The prospect of Greece leaving the euro region increased after parties opposed to the terms of the nation’s second international bailout dominated May 6 elections. A new vote will be held on June 17 after politicians failed to form a coalition, and European leaders are now openly discussing the possibility of Greece exiting the euro.

A Greek departure could spark a further flight of deposits from banks in other troubled euro nations, according to UBS AG economists, leaving them more reliant on funding from monetary authorities. Banks in Greece, Ireland, Italy, Portugal and Spain saw a decline of 80.6 billion euros, or 3.2 percent, in household and corporate deposits from the end of 2010 through March this year, according to ECB data.

“ELA is a symptom of the strain in the system, and Greece is the tip of the iceberg here,” Owen said. “As concerns mount about break-up, that sparks deposit flight. Suddenly we’re talking about 350 billion, 400 billion as bigger countries avail of ELA.”

German ELA

ELA emerged as part of the euro system’s furniture in 2008, when the global financial crisis led to the bailouts of German property lender Hypo-Real Estate AG and Belgian banking group Dexia. While the Bundesbank’s ELA facility has now been closed, Dexia Chief Executive Officer Pierre Mariani told the bank’s shareholders on May 9 that it continues to access around 12 billion euros of ELA funds.
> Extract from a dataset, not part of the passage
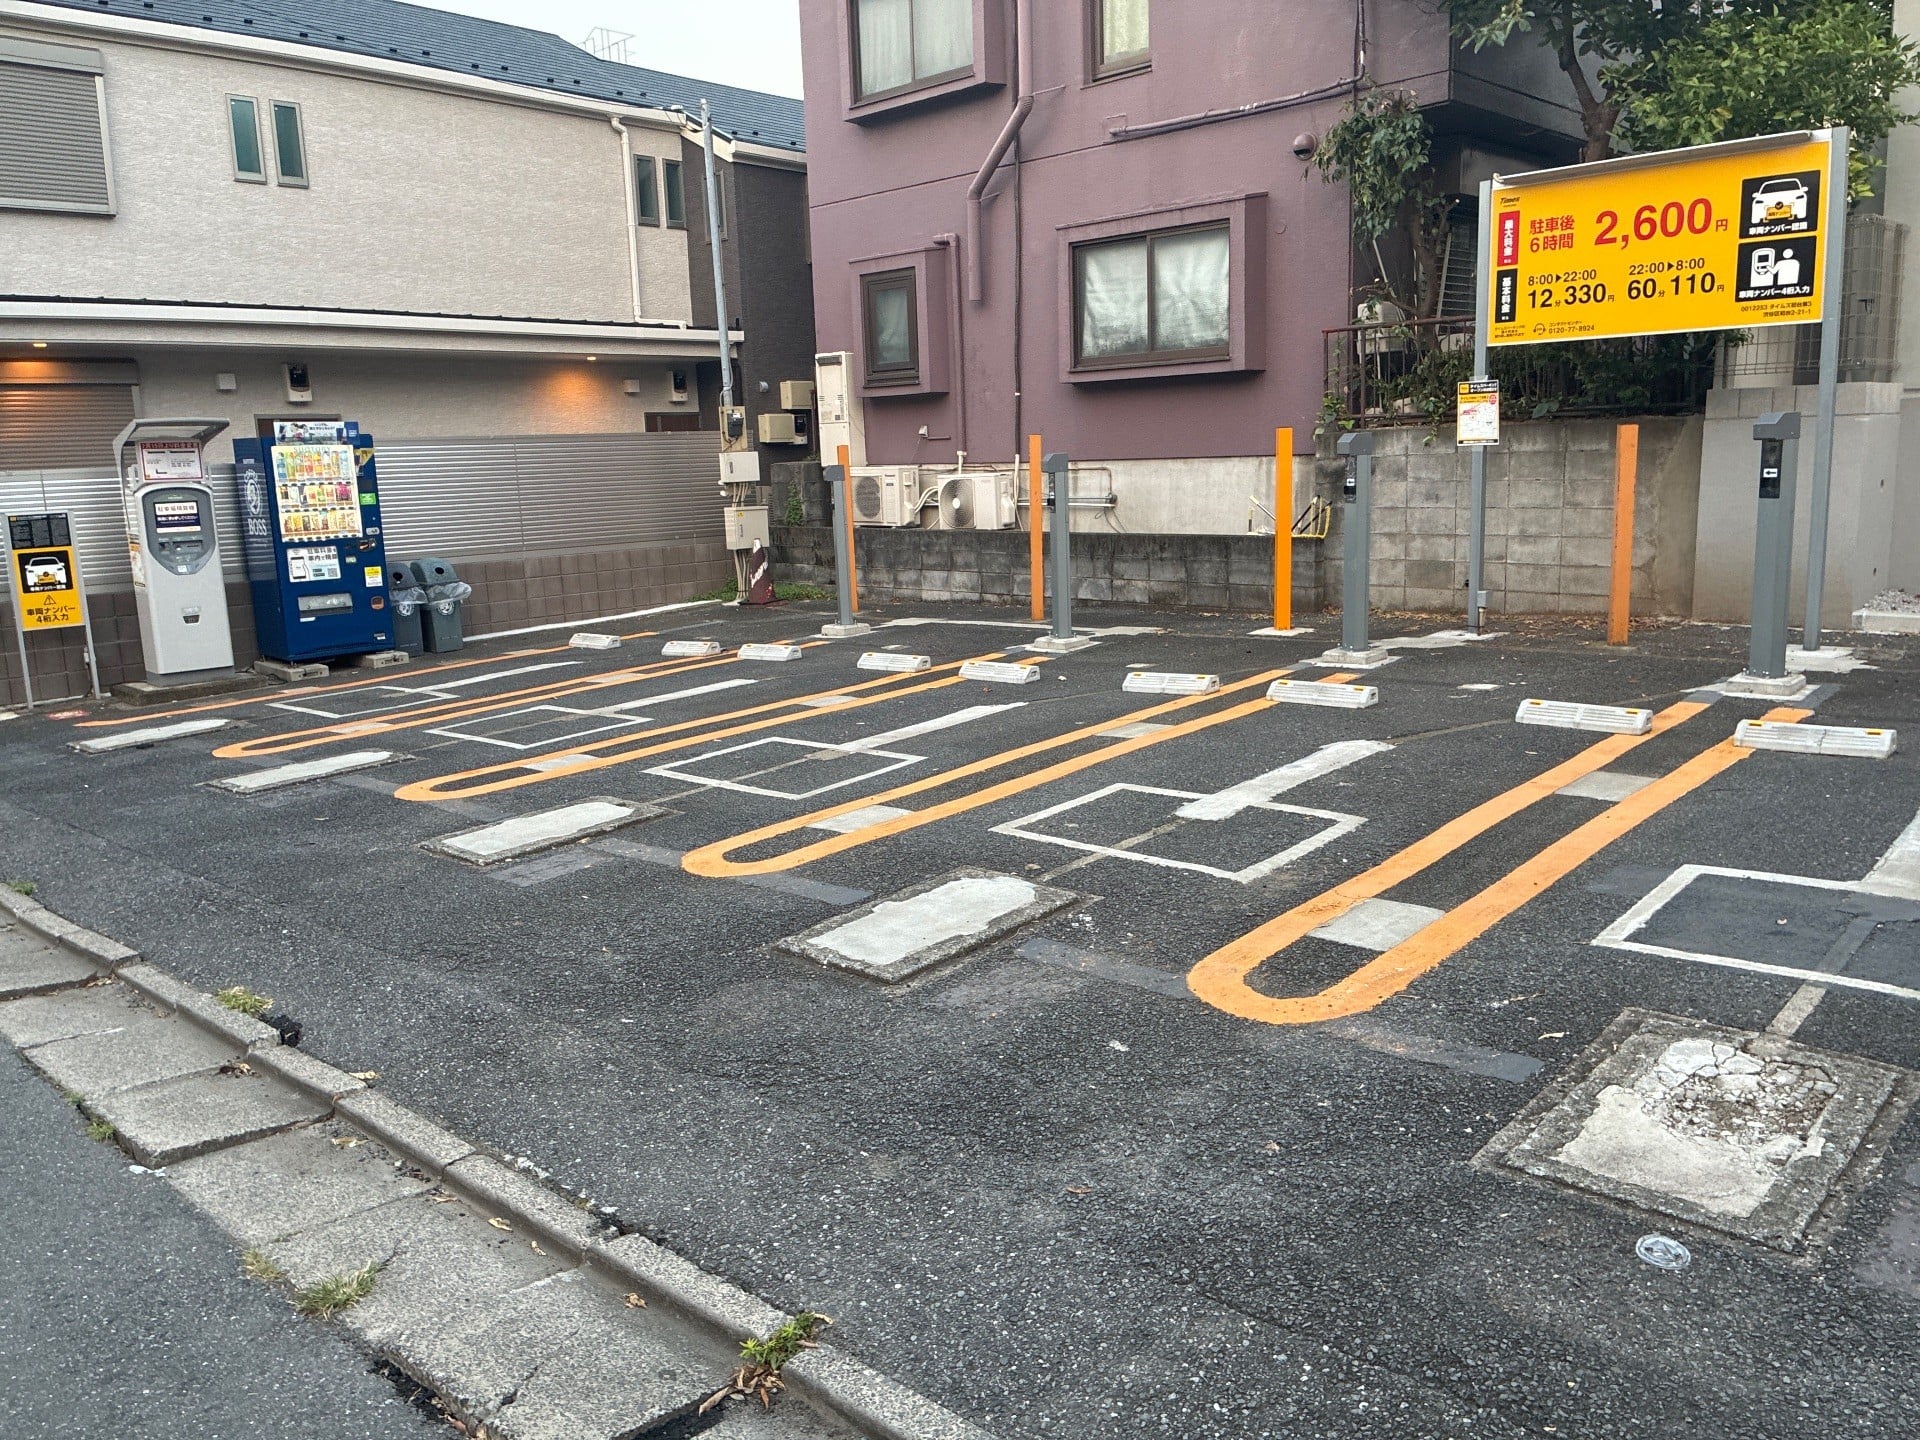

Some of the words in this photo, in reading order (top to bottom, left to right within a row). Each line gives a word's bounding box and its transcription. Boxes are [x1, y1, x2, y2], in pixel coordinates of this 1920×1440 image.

ELA was a measure that gave central banks more flexibility to keep their banks afloat in situations of short-term stress, said Juergen Michels, chief euro-area economist at Citigroup Global Markets in London.

“It seems to be now a more permanent feature in the periphery countries,” Michels said, adding there’s a risk that “the ECB loses control to some extent over what’s going on.”

The ECB was forced to confirm on May 17 it had moved some Greek banks onto ELA after the news leaked out, roiling financial markets. The ECB said in an e-mail that as soon as the banks are recapitalized, which it expected to happen “soon,” they will regain access to its refinancing operations. The ECB “continues to support Greek banks,” it added.

‘Life Support’

By approving ELA requests, the ECB is ensuring that banks that would otherwise not qualify for its loans have access to liquidity.

“The ELA is a perfect life-support system, but it’s not a system for what happens after that,” said Lorcan Roche Kelly, chief Europe strategist at Trend Macrolytics LLC in Clare, Ireland. “What you need is a bank resolution mechanism, a method to get rid of a bank that’s insolvent. In Ireland, and perhaps in Greece as well, the problem is that you’ve got banking systems that are insolvent.”

For Citigroup chief economist Willem Buiter, there is a bigger issue at stake. ELA breaks a key rule that is designed to bind the monetary union together, he said.

“It constitutes a breach of the principle of one monetary, credit and liquidity policy on uniform terms and conditions for the whole euro system. The existence of ELA undermines the monetary union.”